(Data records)

-------------------------

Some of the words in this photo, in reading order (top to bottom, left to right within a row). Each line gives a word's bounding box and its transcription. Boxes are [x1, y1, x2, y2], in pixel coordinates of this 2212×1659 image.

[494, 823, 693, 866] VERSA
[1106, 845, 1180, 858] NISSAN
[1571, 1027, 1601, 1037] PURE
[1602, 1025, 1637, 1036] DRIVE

-------------------------

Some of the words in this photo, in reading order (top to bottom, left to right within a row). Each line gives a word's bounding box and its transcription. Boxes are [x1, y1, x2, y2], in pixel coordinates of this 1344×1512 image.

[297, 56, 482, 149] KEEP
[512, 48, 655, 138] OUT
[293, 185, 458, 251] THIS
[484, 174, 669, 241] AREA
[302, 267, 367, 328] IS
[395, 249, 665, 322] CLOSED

-------------------------

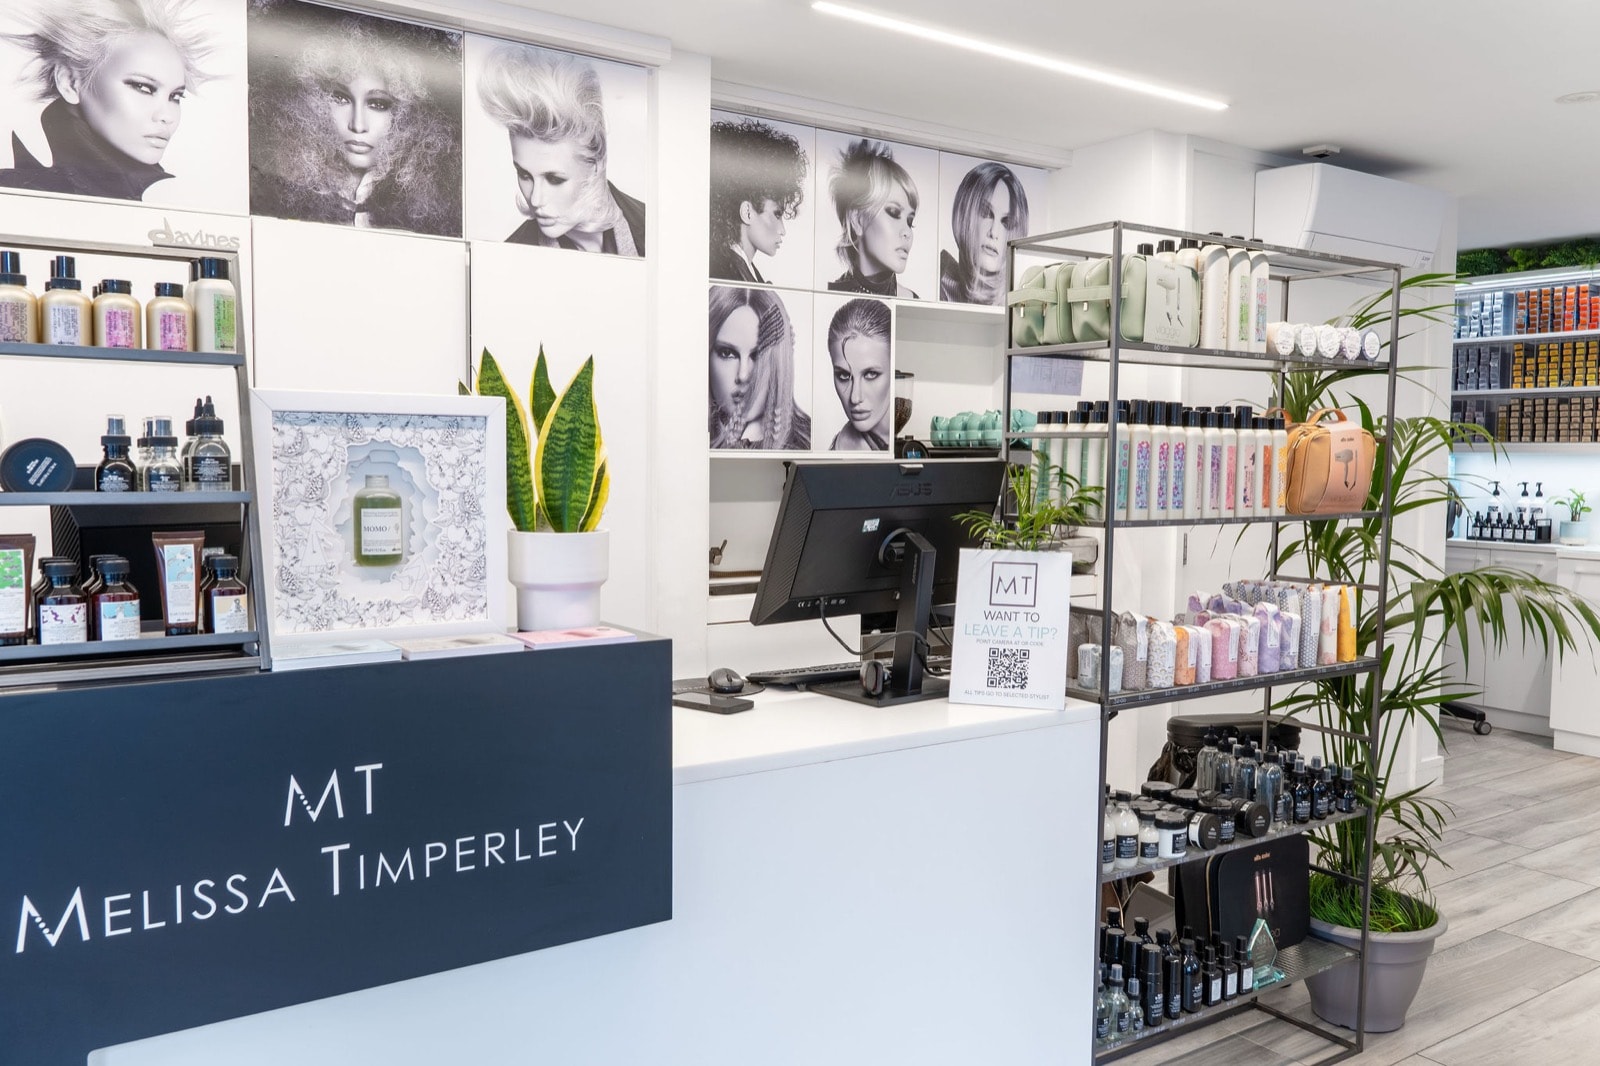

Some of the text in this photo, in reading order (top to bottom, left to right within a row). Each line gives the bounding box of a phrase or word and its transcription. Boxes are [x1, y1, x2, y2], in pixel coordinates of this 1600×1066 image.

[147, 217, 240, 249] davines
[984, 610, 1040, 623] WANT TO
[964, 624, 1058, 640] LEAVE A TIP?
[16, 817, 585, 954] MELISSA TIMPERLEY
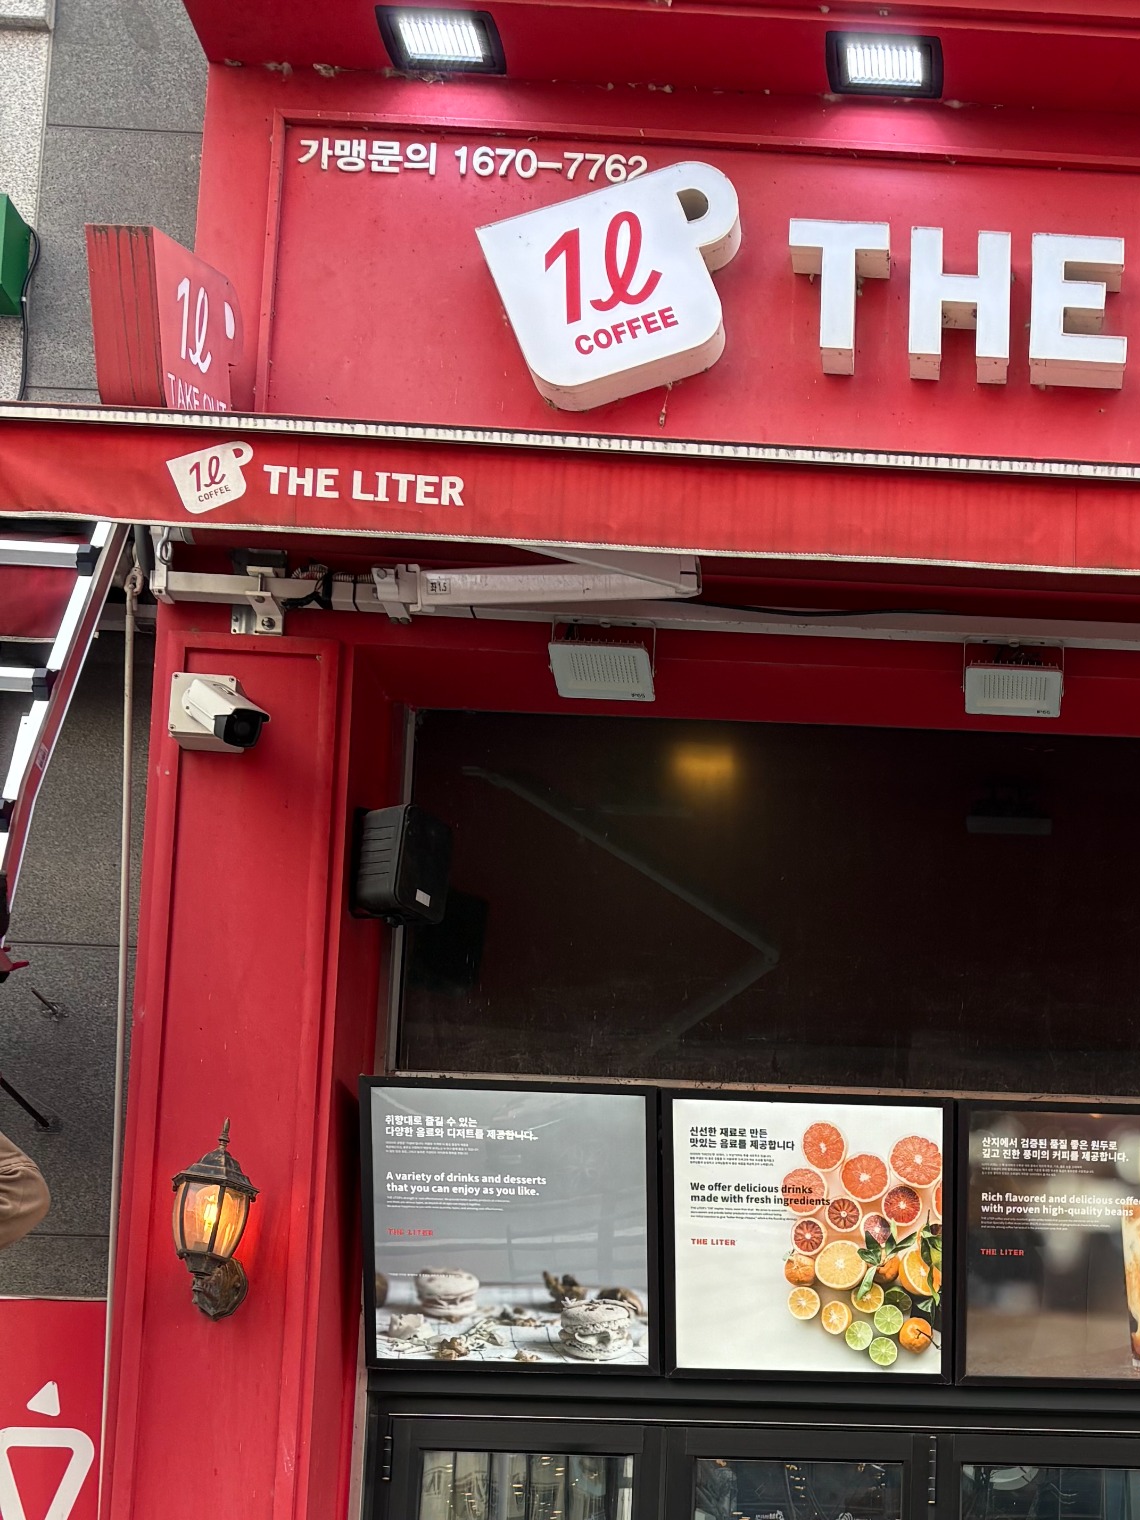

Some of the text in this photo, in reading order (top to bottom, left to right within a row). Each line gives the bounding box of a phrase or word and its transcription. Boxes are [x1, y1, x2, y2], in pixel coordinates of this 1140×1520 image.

-------------------------

What you have to do:
Write back the stretch of lines above that begins with the line holding "this 1600×1066 image." and ends with the line holding "this 1140×1520 image.", both included, exactly as written. Pictures stay out.

Task output:
Some of the text in this photo, in reading order (top to bottom, left to right within a row). Each line gives the bounding box of a phrase or word and its transcription. Boxes are [x1, y1, x2, y2], in pixel coordinates of this 1600×1066 image.

[147, 217, 240, 249] davines
[984, 610, 1040, 623] WANT TO
[964, 624, 1058, 640] LEAVE A TIP?
[16, 817, 585, 954] MELISSA TIMPERLEY

Some of the text in this photo, in reading order (top to bottom, left to right within a row). Each line gives the bounding box of a phrase or word and its transcription. Boxes are [x1, y1, x2, y2], in pixel coordinates of this 1140×1520 image.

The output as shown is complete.